On Mon, Jul 5, 2021 at 5:44 PM Peter Eastman ***@***.***> wrote: I did try a couple of different values and wasn't able to improve efficiency or loss. Back when I first started using torchmd-net, I spent about a week just running tests of training protocols to try to speed up training, since @giadefa <https://github.com/giadefa> had told me that training on large datasets was prohibitively slow. I eventually settled on a protocol that was anywhere from 2 to 10 times faster that what he was using, depending on the dataset. Basing learning rate on training loss was absolutely essential to make that work. As it doesn't seem to be established that the lr scheduler should be based on the training loss Can you provide any theoretical justification for using validation loss? I just can't see any at all. Whereas the justifications for using training loss are obvious. I agree, this could be interesting. Have you seen these? Those are predefined learning rate schedules. You have to specify in advance exactly how the learning rate will change with time. I want to try an adaptive one, similar to ReduceLROnPlateau but allowing the rate to increase as well as decrease. — You are receiving this because you were mentioned. Reply to this email directly, view it on GitHub <#27 (comment)>, or unsubscribe <https://github.com/notifications/unsubscribe-auth/AB3KUOV62TWOVVMBWQSFYJ3TWHHPPANCNFSM47KTBFMQ> .

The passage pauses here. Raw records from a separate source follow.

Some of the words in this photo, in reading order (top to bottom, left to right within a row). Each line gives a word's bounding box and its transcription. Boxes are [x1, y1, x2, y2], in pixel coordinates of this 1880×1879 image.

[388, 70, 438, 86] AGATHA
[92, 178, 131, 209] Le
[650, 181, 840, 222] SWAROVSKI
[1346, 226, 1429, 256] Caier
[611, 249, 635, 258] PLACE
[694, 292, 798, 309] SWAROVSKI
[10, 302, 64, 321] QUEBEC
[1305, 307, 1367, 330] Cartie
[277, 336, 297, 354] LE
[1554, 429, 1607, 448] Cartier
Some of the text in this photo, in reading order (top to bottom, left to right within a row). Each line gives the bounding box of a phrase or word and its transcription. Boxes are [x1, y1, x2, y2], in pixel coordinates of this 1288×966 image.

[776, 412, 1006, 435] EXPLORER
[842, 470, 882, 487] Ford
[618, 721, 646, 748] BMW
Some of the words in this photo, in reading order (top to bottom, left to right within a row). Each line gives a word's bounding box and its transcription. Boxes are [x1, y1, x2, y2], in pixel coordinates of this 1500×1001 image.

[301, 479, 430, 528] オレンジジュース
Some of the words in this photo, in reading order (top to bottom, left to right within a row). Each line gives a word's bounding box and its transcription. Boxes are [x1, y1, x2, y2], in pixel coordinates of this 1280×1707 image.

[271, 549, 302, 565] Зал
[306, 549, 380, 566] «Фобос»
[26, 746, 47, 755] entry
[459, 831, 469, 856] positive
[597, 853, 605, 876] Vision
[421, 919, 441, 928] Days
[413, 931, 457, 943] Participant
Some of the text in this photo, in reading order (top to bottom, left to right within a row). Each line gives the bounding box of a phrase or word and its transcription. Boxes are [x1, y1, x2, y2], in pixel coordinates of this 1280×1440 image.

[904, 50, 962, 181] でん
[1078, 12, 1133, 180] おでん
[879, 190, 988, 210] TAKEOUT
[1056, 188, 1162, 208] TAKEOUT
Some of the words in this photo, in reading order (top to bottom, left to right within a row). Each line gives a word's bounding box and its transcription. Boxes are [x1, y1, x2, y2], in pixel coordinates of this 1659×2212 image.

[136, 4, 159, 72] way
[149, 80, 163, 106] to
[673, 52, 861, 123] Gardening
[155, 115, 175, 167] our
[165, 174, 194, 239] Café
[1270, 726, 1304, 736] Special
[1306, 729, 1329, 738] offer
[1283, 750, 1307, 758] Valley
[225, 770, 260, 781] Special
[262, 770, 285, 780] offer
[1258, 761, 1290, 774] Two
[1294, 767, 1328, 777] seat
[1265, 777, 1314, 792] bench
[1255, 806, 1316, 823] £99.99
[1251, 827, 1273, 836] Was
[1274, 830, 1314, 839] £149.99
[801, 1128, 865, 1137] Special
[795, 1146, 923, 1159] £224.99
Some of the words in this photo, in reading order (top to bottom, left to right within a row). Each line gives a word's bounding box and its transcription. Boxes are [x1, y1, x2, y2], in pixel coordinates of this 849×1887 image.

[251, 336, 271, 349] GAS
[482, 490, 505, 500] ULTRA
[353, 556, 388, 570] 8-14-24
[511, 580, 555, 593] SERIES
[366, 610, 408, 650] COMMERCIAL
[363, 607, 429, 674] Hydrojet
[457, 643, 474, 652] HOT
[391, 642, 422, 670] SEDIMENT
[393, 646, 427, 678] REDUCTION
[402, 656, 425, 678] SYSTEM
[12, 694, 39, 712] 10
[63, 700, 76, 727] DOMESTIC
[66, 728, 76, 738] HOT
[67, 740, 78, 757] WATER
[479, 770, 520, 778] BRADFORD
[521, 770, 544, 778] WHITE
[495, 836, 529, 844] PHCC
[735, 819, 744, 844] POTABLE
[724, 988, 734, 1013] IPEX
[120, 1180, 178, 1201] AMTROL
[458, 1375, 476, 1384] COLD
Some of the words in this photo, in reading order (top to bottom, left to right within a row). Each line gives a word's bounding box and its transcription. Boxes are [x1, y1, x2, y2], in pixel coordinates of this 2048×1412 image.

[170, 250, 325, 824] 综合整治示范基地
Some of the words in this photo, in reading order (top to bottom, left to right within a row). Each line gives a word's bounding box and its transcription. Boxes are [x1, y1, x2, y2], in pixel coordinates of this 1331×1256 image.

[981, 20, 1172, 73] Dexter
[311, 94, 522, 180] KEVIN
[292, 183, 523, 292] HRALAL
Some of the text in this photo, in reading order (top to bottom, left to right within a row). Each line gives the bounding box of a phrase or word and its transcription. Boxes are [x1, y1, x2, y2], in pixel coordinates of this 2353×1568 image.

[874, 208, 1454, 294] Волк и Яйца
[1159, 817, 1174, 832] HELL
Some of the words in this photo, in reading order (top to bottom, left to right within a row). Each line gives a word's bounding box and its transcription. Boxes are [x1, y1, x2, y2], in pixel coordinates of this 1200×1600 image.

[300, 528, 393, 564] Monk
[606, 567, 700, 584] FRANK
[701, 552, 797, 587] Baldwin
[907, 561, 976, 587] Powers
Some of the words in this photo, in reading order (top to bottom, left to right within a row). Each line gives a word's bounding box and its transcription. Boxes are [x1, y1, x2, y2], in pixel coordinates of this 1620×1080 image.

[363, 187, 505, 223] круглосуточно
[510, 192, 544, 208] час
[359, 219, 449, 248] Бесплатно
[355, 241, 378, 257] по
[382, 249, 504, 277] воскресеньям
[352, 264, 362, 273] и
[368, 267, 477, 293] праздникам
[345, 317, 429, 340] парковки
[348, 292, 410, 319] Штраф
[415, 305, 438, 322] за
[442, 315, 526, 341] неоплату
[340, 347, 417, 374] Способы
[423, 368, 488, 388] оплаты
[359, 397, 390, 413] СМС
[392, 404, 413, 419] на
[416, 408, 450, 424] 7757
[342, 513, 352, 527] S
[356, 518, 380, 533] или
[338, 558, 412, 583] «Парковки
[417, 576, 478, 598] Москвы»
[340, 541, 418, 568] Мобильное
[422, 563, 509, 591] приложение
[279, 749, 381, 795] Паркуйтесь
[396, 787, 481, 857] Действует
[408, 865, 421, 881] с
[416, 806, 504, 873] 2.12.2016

peastman · 2021-07-05T16:27:47Z

There are two main code changes required. One is to base the learning rate on training loss rather than validation loss. The other (which I also plan to send a PR for) is to provide an option for lr_patience and early_stopping_patience to be measured in batches rather than epochs. When training on a really big dataset like ANI, epochs are much too slow. You need to be able to adjust the learning rate multiple times within a single epoch, rather than having to wait many epochs to adjust it once. Otherwise, you artificially force your training time to be proportional to the dataset size.

You really want the training rate to optimize your future test performance, so using a validation set is an obvious choice.

That's the reason to use validation loss for early stopping, yes. It tells you when you're starting to overfit. But what's the reason to use it for learning rate decay? If the training loss is still decreasing but the validation loss isn't, that means the model is still learning but it's overfitting to the training set. Reducing the learning rate won't help.

stefdoerr · 2021-07-06T07:05:29Z

The rational for using validation is, I think, generalization. You really want the training rate to optimize your future test performance, so using a validation set is an obvious choice.

Just to chime in, I am on the same page as Peter. The learning rate, the way I learned it, is defined for the training set. When you are optimizing your network you are optimizing on the training set and the learning rate is used to improve the convergence of the minimizer on that specific surface that you are minimizing. Adjusting the learning rate by the validation set is weird in the sense that it doesn't necessarily relate with the convergence of the minimization of the training set at all.
Adjusting the learning rate is essentially: "was the step I took too big on this surface? make it smaller". You cannot say: "was my step too big for a different surface? make it smaller for another surface". This would only make sense to me if the two surfaces were identical or very very similar for which there is no real guarantee the way train/val splits are done.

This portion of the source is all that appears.